An article published by the Cleveland Plain Dealer reported that a Cleveland Clinic doctor owned stock in a company that produces the materials he would sometimes use in spine surgery. Dr. Isador Lieberman would use them if his patients opted for a more expensive, intensive and dangerous operation.
What's odd is that they usually picked the riskier surgery. Wondering why?
Maybe if your doctor recommended a more expensive treatment, you'd listen. He knows what's best for you and, after all, he took the Hippocratic Oath (you know, the one all doctors take saying their patient's care is their top priority).
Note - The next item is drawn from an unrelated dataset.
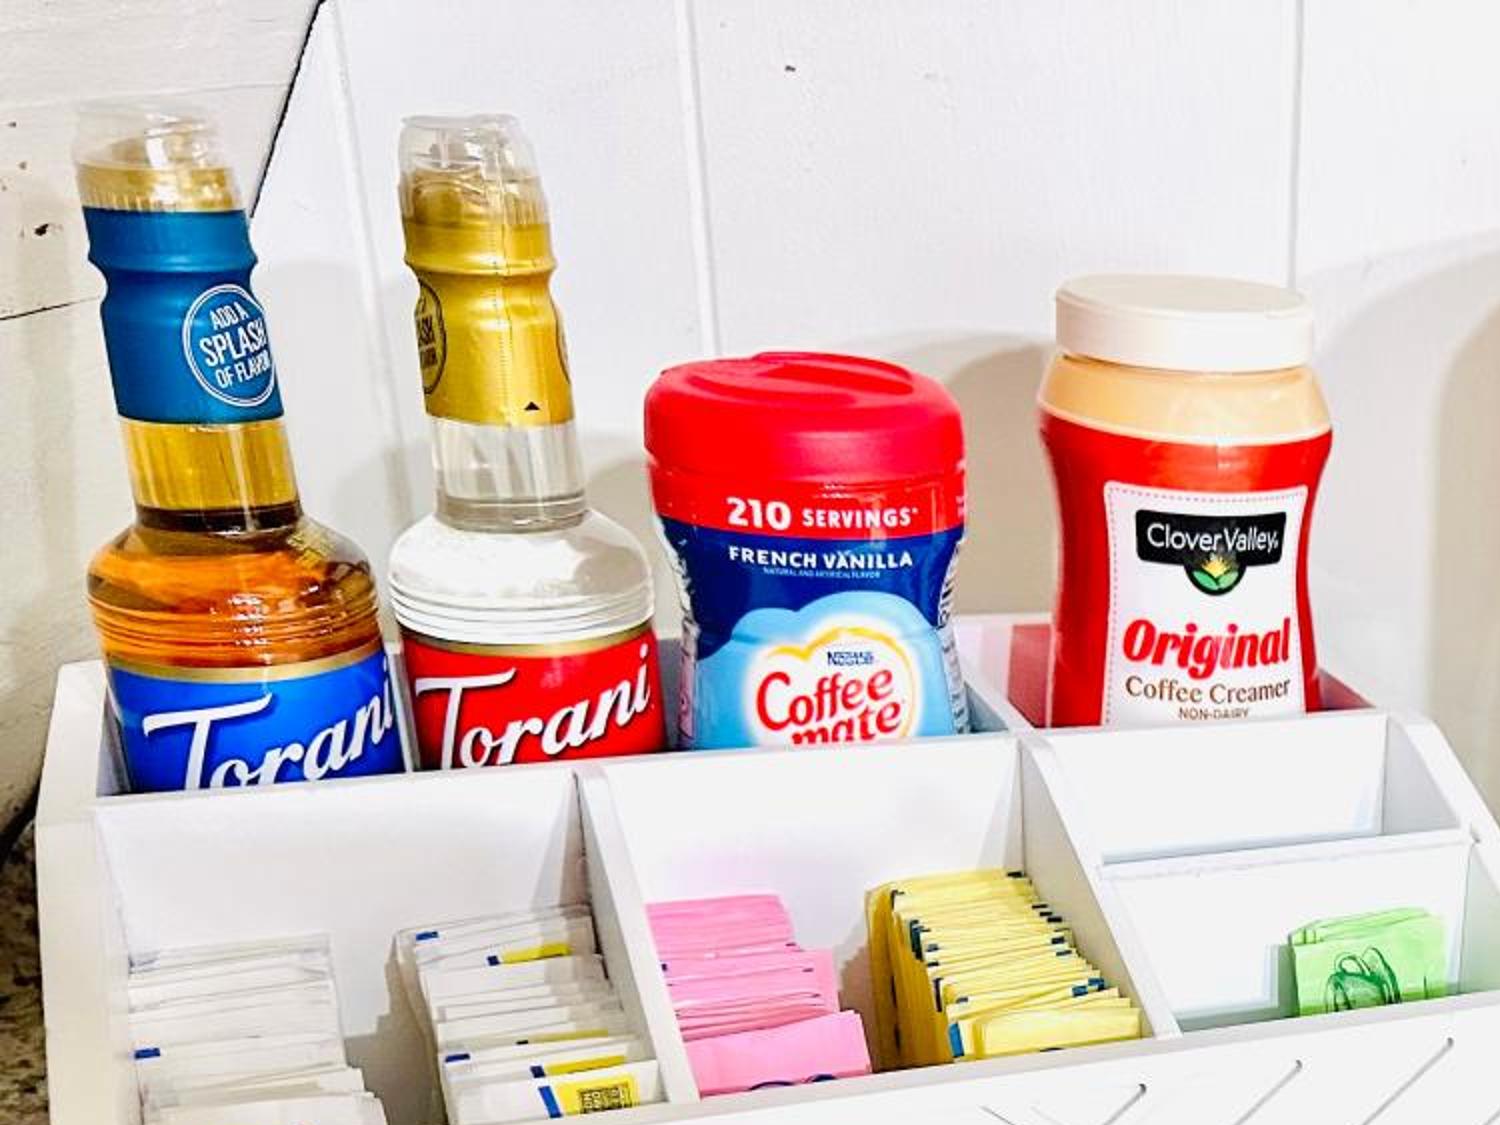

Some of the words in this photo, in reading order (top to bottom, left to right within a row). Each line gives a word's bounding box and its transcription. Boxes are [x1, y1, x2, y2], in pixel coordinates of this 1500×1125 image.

Lieberman apparently took the Hypocritical Oath. He's on the Cleveland Clinic's conflict-of-interest committee where he is supposed to be judicious about the relationship between Clinic employees and private industry. Instead, he's got himself tangled in it.
This worries me almost beyond being able to joke about it. There were people who died because they agreed to this operation -- trusting this doctor who wouldn't tell them of his financial interest in the company unless they specifically asked. Just be happy he didn't have stock in a catheter supply company. (I said almost unable to joke about it.)
To be completely fair, the entire Cleveland Clinic seems to be endorsing this surgery, although no obvious evidence suggests why they would prefer it over the other option.
Can you imagine if your parents (to whom you entrusted so many years of your well being) had succumbed to these same conflicts of interest? Maybe they'd have told you to play in traffic because they had stock in an auto body shop. Maybe they would have given you aspirin instead of children's Tylenol because they had stock in Bayer.
Did people actually die just because this guy was protecting his stock? Did some elderly person (and most of the candidates for this operation do tend to be elderly) die because he is, for some insane reason, unsatisfied with his salary as a surgeon at one of the best clinics in the country? Who knows, but something like that shouldn't even be an issue.
Regardless, I'm in favor of poetic justice. After suspending his license, if he wants to push his stock, force him to spend all of his money on stock in Lucky Strike cigarettes, Jose Cuervo tequila and Dunkin Donuts. Then he can spend the rest of his active years doing his part to keep their stock up. Then once his body has deteriorated, weakened to the point of an elderly person, several of his vertebrae will be manually cracked and he will undergo that same operation.
There are reasons most doctors are respected so much and paid so well. Dr. Isador Lieberman is not one those reasons.